▶ **Work order**:
The expected output is the full data, repeated exactly, without pictures.

▶ **Supplied entries**:

>>>

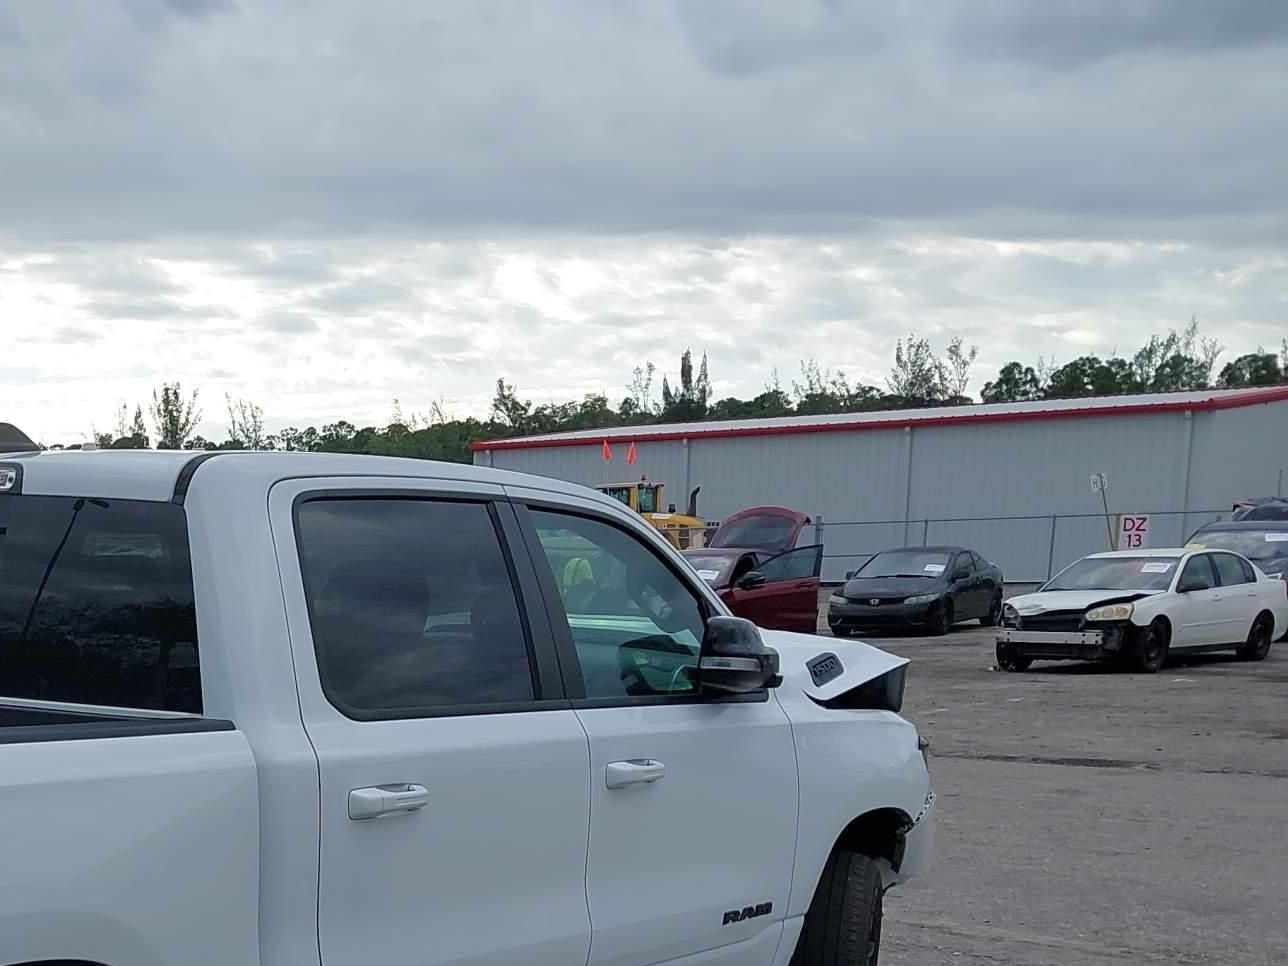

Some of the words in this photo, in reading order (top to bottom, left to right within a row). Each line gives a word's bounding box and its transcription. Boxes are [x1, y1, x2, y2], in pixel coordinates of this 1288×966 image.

[1123, 517, 1147, 532] DZ
[1126, 533, 1142, 548] 13
[721, 901, 773, 926] RAM
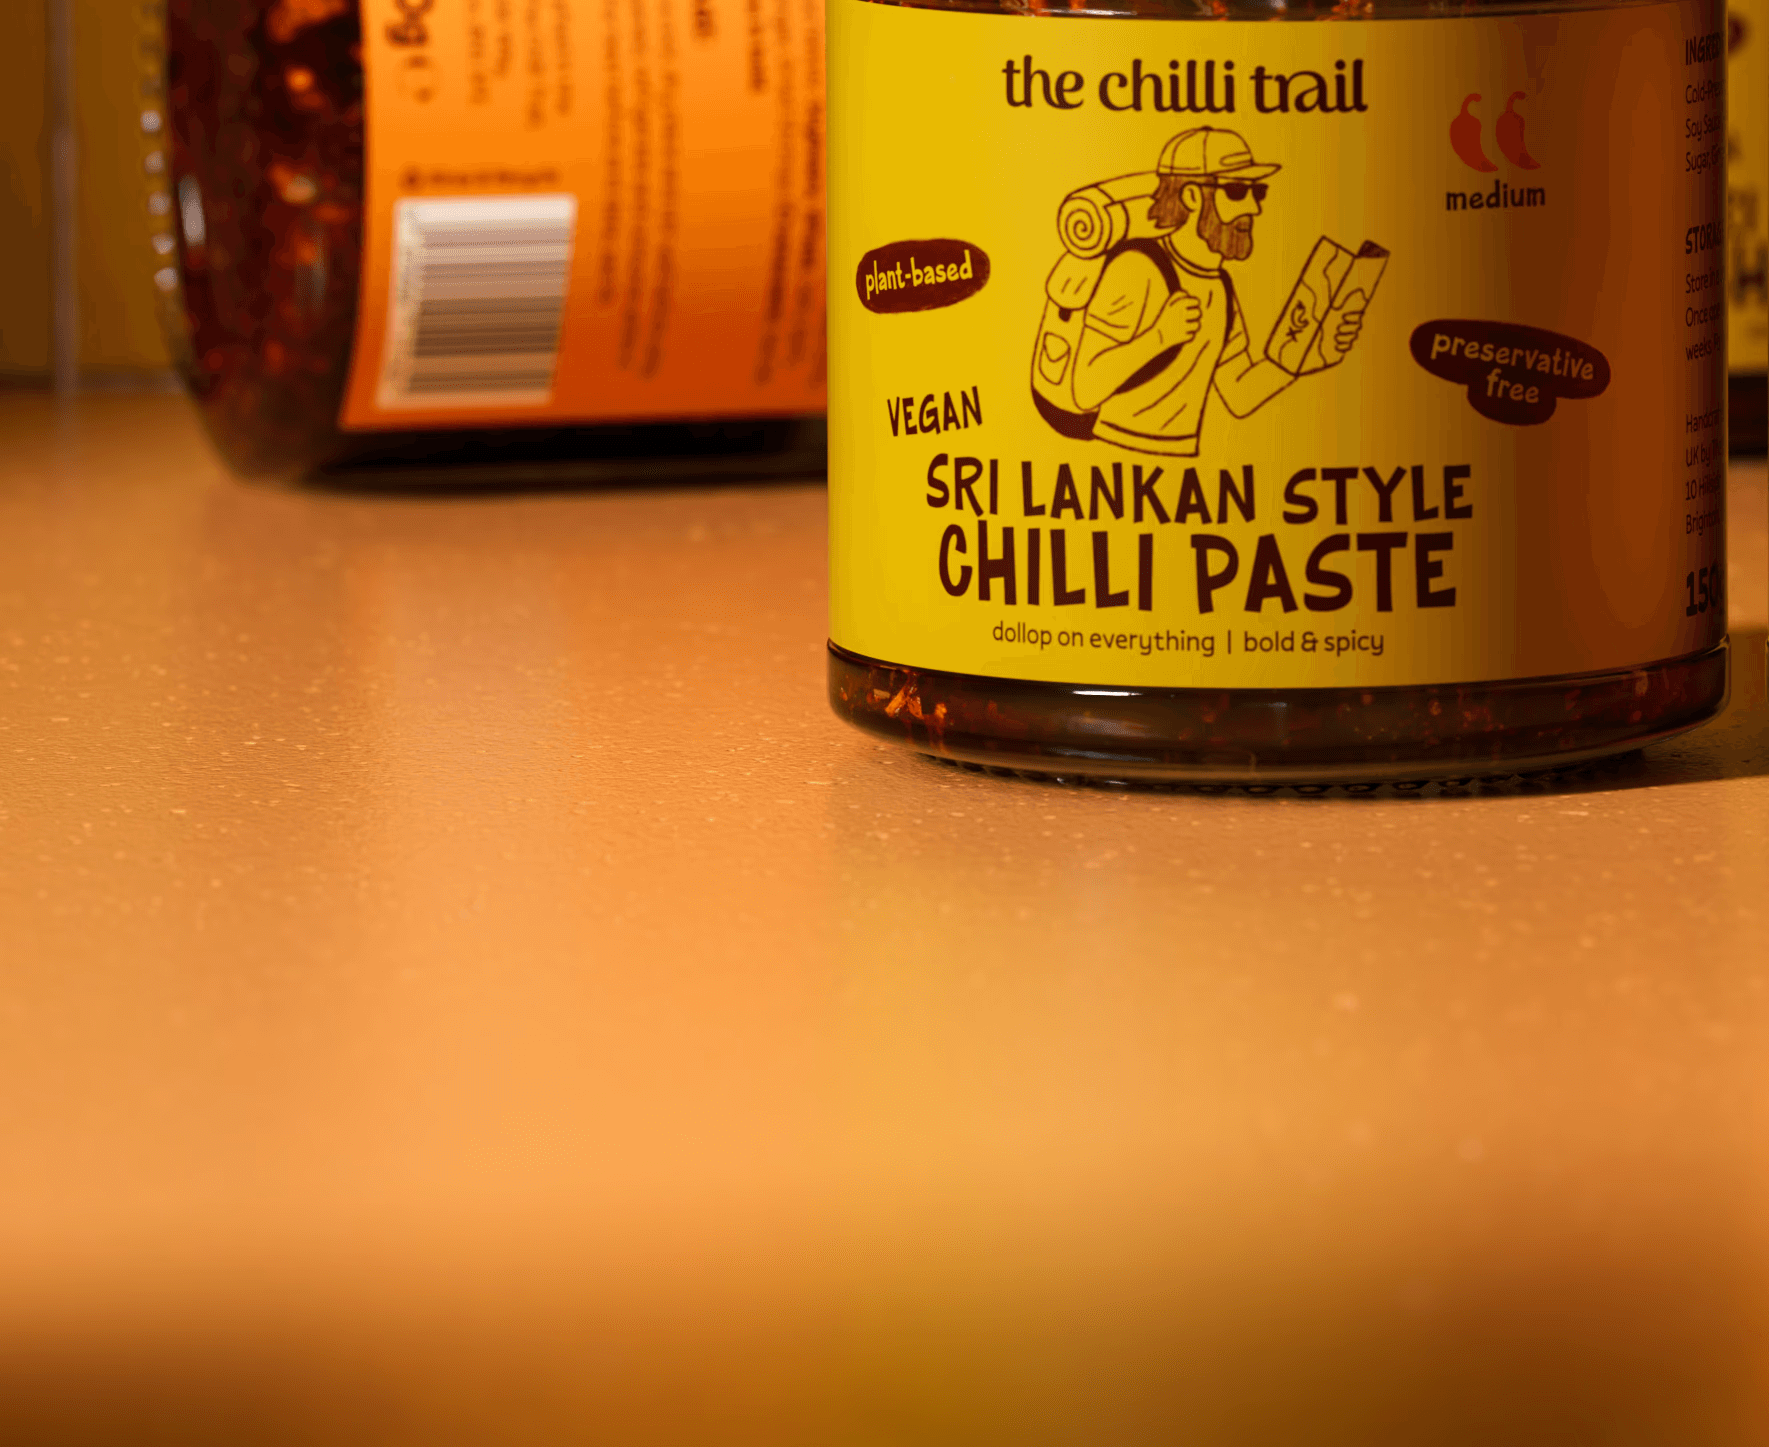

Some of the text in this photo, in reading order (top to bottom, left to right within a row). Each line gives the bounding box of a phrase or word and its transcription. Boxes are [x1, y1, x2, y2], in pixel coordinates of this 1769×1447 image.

<<<

▶ **Answer box**:
Some of the words in this photo, in reading order (top to bottom, left to right within a row). Each line gives a word's bounding box and its transcription. Boxes are [x1, y1, x2, y2], in pixel coordinates of this 1288×966 image.

[1123, 517, 1147, 532] DZ
[1126, 533, 1142, 548] 13
[721, 901, 773, 926] RAM

Some of the text in this photo, in reading order (top to bottom, left to right within a row). Each line gives the bounding box of a phrase or word and its transcription. Boxes are [x1, y1, x2, y2], in pixel coordinates of this 1769×1447 image.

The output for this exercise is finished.